Each back’s Week 4 snap rate, carries and targets are listed in the below tables. Great day to be great.
Conner continues to vulture away plenty of goal-line opportunities, but Edmonds’ robust usage in the passing game has been enough for him to work as the PPR RB13 through four weeks of action. Overall, only Najee Harris (34 targets) and D’Andre Swift (28) have more pass-game opportunities than Edmonds (22) among all running backs this season.
Nobody has more touches than Edmonds (63) without a score. Consider buying low on the Cardinals’ RB1, as the ceiling is the roof here if Conner ever misses time. Fire up Edmonds as a low-end RB2 against a 49ers defense that has allowed the fifth-highest rate of explosive runs this season. Conner remains a touchdown-dependent RB3.

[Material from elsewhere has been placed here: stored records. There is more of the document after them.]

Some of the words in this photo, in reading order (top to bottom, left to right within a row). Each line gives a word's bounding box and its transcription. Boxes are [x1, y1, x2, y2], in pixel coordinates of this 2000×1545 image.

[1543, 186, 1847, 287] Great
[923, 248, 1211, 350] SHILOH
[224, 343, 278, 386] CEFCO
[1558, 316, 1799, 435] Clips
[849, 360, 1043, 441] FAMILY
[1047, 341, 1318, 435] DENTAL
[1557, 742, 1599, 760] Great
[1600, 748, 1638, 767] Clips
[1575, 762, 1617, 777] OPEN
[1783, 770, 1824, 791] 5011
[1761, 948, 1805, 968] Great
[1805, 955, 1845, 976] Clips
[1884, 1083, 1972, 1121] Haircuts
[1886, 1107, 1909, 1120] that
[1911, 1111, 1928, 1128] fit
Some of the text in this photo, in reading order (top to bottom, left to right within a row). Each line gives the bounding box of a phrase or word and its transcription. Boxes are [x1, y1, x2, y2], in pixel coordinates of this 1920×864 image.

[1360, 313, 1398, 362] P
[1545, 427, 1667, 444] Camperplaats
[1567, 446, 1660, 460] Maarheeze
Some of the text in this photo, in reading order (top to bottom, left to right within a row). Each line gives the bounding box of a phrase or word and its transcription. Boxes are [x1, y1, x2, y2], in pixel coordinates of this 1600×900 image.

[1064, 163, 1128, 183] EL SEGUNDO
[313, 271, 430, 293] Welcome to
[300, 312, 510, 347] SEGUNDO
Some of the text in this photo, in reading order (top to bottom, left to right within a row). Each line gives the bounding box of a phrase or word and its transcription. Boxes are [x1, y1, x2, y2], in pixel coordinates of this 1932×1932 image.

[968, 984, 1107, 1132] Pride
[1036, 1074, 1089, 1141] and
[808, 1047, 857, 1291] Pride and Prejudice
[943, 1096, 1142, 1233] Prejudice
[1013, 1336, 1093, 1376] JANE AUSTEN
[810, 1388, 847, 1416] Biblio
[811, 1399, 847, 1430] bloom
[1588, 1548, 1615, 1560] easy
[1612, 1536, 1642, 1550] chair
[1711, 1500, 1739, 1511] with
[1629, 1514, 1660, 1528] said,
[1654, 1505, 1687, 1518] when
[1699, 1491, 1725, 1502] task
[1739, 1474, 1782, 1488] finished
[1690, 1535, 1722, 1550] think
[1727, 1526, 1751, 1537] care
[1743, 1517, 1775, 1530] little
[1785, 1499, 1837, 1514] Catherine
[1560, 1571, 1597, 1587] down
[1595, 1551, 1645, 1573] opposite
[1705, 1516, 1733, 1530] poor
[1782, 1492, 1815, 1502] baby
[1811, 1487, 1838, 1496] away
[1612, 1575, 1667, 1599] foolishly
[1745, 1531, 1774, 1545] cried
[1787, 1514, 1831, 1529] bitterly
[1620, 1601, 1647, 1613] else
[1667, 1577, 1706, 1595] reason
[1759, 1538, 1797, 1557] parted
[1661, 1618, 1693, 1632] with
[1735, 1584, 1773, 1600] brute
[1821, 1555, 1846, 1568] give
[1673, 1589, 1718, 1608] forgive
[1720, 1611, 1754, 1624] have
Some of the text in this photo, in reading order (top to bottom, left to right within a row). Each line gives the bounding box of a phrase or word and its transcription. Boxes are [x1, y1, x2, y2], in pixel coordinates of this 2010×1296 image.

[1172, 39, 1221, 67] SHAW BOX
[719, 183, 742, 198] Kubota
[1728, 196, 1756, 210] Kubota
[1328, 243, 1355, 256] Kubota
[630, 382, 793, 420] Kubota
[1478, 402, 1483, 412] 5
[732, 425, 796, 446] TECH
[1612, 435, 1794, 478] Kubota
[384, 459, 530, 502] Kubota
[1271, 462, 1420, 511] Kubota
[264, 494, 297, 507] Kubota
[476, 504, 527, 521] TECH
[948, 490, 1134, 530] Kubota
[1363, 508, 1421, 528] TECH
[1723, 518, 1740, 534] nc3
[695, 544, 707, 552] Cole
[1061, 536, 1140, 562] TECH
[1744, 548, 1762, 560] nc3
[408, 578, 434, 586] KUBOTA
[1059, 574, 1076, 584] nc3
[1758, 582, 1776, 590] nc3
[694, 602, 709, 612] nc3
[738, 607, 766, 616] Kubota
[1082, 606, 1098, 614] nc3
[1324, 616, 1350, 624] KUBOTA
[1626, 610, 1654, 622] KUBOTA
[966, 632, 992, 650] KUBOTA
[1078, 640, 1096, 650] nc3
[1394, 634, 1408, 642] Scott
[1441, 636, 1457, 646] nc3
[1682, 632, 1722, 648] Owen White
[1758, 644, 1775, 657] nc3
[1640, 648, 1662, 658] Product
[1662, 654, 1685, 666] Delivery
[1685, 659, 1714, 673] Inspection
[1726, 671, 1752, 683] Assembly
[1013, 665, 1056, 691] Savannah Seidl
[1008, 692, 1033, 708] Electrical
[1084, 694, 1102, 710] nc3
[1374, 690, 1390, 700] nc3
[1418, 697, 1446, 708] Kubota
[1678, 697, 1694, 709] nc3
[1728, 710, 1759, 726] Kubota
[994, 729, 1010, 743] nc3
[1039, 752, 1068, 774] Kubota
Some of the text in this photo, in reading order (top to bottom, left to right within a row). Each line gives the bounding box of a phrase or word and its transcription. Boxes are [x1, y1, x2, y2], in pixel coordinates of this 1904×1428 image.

It’s C-Patt’s world, and we’re all just living in it. The best kick returner ever (not counting punts, chill out Bears fans) has largely struggled to establish himself on offense over the years, but that’s changed through four weeks in Atlanta. Overall, only Derrick Henry and Austin Ekeler have scored more PPR points than Patterson among all running backs while Cooper Kupp, Tyreek Hill, Deebo Samuel and D.J. Moore are the only receivers with more fantasy points than the Falcons’ Swiss-army knife.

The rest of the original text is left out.